Generally, normal individuals can file either Chapter 7 or Chapter 13 bankruptcy when they have financial troubles. There are other types of bankruptcy, such as Chapter 11, but the other types of bankruptcy generally are not the best avenues for relief for the average American.

Chapter 7 Bankruptcy and Keeping Your Property

Chapter 7 is generally what most people think of when they hear the word bankruptcy. In Chapter 7, the bankruptcy code sets certain exemption levels and if a debtor’s property is worth less than the set exemptions, the debtor would get to keep his/her property and discharge most of his/her unsecured debts. However, if your property is worth more than the exemption levels, the bankruptcy trustee could move to sell your unexempt property to pay your creditors.

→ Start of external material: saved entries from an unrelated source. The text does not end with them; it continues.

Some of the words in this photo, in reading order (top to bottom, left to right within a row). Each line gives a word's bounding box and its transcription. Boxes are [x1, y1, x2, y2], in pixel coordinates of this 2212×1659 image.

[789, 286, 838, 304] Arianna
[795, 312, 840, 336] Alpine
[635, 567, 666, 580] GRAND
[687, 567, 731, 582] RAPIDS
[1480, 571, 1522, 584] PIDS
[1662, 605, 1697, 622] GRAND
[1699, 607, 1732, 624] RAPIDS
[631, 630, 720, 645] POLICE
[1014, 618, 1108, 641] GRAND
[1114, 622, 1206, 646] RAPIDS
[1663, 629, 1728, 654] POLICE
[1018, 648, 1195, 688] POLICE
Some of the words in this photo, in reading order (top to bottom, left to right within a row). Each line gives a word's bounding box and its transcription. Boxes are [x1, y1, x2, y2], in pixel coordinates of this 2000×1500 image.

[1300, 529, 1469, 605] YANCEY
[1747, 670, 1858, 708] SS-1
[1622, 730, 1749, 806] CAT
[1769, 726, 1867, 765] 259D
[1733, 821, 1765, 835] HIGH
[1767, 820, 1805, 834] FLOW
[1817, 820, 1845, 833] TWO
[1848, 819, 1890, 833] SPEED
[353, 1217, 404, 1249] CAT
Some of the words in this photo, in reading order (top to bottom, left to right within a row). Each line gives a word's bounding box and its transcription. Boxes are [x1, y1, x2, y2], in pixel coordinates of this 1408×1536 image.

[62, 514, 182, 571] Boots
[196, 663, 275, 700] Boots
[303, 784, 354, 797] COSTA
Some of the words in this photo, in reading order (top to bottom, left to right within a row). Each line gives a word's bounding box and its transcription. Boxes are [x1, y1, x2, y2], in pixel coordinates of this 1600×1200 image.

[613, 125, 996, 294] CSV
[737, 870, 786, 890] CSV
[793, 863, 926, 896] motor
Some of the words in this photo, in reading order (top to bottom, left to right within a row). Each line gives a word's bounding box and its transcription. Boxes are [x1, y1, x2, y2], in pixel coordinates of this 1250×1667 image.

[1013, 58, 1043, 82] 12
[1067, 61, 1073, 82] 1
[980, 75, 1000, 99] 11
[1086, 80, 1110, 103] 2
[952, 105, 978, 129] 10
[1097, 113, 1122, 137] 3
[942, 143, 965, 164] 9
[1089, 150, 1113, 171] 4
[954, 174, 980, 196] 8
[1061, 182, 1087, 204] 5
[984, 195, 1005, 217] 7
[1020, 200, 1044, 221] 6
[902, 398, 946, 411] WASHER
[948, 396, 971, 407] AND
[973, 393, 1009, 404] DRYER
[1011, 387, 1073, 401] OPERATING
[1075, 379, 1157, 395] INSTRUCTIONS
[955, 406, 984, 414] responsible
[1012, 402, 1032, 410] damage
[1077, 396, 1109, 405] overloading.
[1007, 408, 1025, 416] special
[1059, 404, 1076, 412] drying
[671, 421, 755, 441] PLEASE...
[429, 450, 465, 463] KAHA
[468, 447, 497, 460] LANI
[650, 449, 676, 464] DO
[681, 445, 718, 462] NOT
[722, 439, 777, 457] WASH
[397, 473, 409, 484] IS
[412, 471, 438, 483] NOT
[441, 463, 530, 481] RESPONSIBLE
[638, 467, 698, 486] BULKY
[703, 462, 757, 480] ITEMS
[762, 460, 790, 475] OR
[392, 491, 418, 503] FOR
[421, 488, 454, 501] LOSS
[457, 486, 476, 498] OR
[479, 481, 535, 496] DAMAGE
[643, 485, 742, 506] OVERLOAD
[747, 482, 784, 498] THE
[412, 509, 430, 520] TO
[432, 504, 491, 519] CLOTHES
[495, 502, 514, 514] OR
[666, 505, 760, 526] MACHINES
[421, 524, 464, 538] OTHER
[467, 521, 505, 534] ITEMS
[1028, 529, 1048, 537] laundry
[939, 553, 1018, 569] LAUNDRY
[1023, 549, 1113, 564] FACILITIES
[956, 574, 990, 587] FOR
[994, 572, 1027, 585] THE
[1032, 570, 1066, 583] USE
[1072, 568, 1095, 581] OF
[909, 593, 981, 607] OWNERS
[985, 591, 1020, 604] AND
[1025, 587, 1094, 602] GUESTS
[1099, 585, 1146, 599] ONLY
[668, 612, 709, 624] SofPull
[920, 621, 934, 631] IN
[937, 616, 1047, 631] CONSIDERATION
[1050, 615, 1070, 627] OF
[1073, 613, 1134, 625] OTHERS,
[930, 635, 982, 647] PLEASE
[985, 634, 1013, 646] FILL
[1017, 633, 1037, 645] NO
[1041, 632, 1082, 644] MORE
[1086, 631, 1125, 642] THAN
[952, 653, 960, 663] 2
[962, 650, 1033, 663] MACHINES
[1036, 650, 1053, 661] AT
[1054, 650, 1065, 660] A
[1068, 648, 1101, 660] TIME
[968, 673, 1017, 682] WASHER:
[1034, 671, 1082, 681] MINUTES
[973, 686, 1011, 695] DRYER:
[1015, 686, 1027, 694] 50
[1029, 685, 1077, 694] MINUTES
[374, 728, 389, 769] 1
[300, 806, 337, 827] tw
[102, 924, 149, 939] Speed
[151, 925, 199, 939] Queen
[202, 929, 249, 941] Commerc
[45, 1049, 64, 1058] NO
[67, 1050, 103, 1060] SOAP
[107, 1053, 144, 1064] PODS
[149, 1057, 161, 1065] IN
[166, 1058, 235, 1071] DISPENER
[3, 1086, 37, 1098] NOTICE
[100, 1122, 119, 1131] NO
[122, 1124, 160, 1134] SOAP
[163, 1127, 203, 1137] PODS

It is important to have a bankruptcy attorney evaluate your specific situation to provide you with advice on whether your property will be exempt in a Chapter 7 bankruptcy. This may include getting an appraisal or comparative market analysis done to estimate your home’s value so that you can be confident you will not lose it in a bankruptcy. However, there is never a guarantee that you will not lose property in a Chapter 7 bankruptcy.

Many debtors can go through Chapter 7 bankruptcy without losing property. But, it is important to consult with a bankruptcy attorney to see if Chapter 7 would be appropriate for your specific situation.

Chapter 7 Income Levels

The bankruptcy code sets up certain barriers to filing Chapter 7 bankruptcy. One such barrier is income. If you make too much money, you will not be permitted to go through Chapter 7 bankruptcy. Additionally, if your monthly budget (i.e. your income minus your expenses) shows that you have too much money left over at the end of the month, you may not be able to successfully complete a Chapter 7 bankruptcy.

Determining if you fit within the income levels and if your budget is acceptable for a Chapter 7 bankruptcy is very complicated. It is best to consult with a bankruptcy attorney to determine if you will qualify for Chapter 7.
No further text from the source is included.